Finally, as World War I was drawing to a close, Britain realized its century-old ambition. With the Ottomans on the precipice of defeat, the British army occupied Palestine. Consequently, the League of Nations entrusted the governance of the newly established British Mandate of Palestine to Britain.

The Zionist project was rooted in European settler colonialism and racism.

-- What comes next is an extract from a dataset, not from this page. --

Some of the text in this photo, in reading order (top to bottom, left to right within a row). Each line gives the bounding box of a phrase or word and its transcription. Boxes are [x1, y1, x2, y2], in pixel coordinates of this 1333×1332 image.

The Zionist project, like other forms of 19th-century European colonialism, was steeped in notions of racial superiority and the overriding priority of European interests. Zionists, much like British colonialists in India, viewed the indigenous Palestinian population as uncivilized and unworthy of self-governance. However, the Zionist agenda differed from many other forms of colonialism in that it was a settler-colonial endeavor, not solely an economic one. The goal was to supplant the indigenous Palestinian population with non-Palestinian Jews.

The narrative propagated by many 19th-century Zionists, that Palestine was a “land without a people for a people without a land,” was not an observation about Palestine’s demographics, but a reflection of the dehumanizing colonial mindset which failed to recognize the existence and rights of the indigenous population. In their pursuit of a Jewish state, Zionist Jews found indispensable allies in British Christian Zionists. Key political figures, including future Prime Minister David Lloyd George, subscribed to the Zionist ideology.

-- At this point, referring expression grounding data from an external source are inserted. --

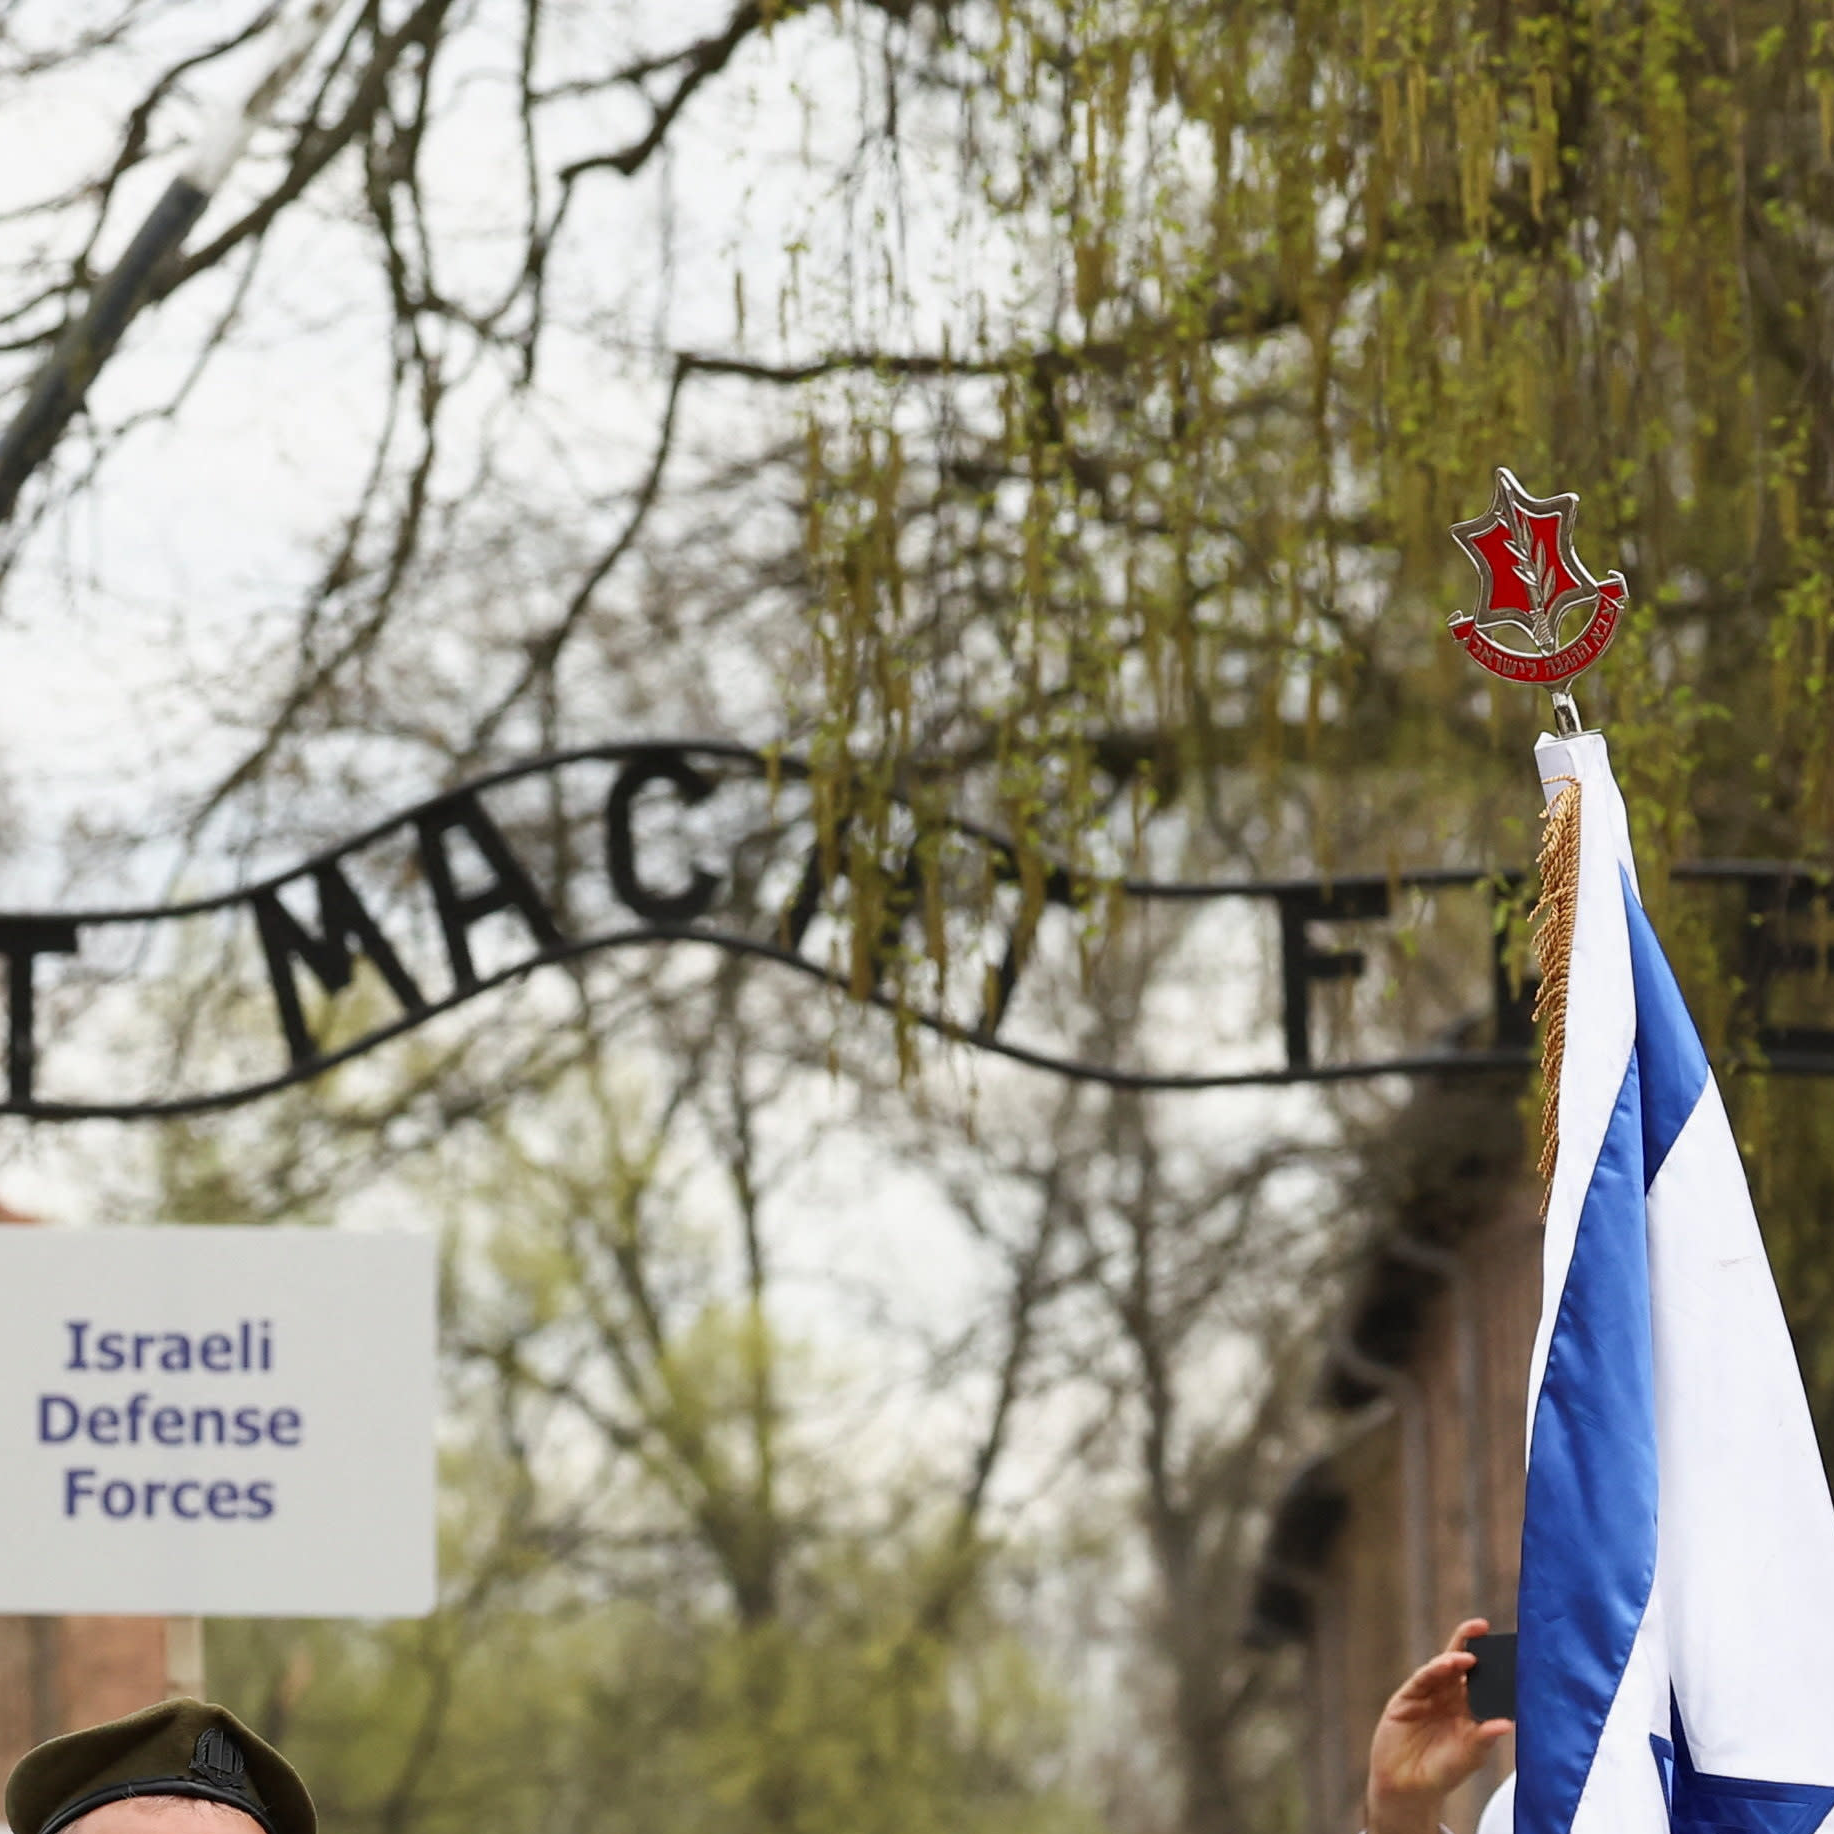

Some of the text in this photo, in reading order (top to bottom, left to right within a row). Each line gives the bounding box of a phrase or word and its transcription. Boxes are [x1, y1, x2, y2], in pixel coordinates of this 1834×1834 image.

[1591, 602, 1615, 647] צבא
[1545, 641, 1592, 678] ההגנה
[64, 1319, 273, 1373] Israeli
[37, 1394, 303, 1447] Defense
[63, 1467, 277, 1521] Forces

The convergence of British geopolitical interest in Palestine and Zionist lobbying culminated in the 1917 Balfour Declaration. This marked Britain’s official endorsement of the establishment of a Jewish state in Palestine. Before the declaration, Zionist attitudes towards the native Palestinians varied from indifference to racist superiority. However, the intensification of Palestinian anti-Zionism following the British Mandate led the Zionist leadership to a grim conclusion: their vision of a Jewish state could only be realized through the forced displacement of the Palestinians.

Consequently, the creation of an ethnically homogeneous white Jewish colony in the Middle East was pursued with vigor, culminating in the 1948 establishment of the State of Israel. The ancient Palestinian city of Jaffa provides a poignant example of this process. In a series of events now known as the “Nakba,” or catastrophe, Zionist militants expelled the city’s Muslim and Christian Arab inhabitants, replacing them with white European settlers.

The Destruction of Palestinian History by Israel is Widespread and Well-Documented

The deliberate erasure of Palestinian history by the state of Israel is extensive and well-documented. Notably, Jaffa wasn’t the only city subjected to the removal of its original inhabitants. The process started in 1948, with the birth of the state of Israel, which subsequently initiated a systematic campaign of eradicating any historical evidence of Palestine from their newly seized territories. Now in command of the majority of historic Palestine, the Zionists embarked on a strategic process of branding Zionism as the repatriation of indigenous people to their ancestral homeland after a gap of 2,000 years. The Government Names Committee, a newly established entity, played a crucial role in this endeavor.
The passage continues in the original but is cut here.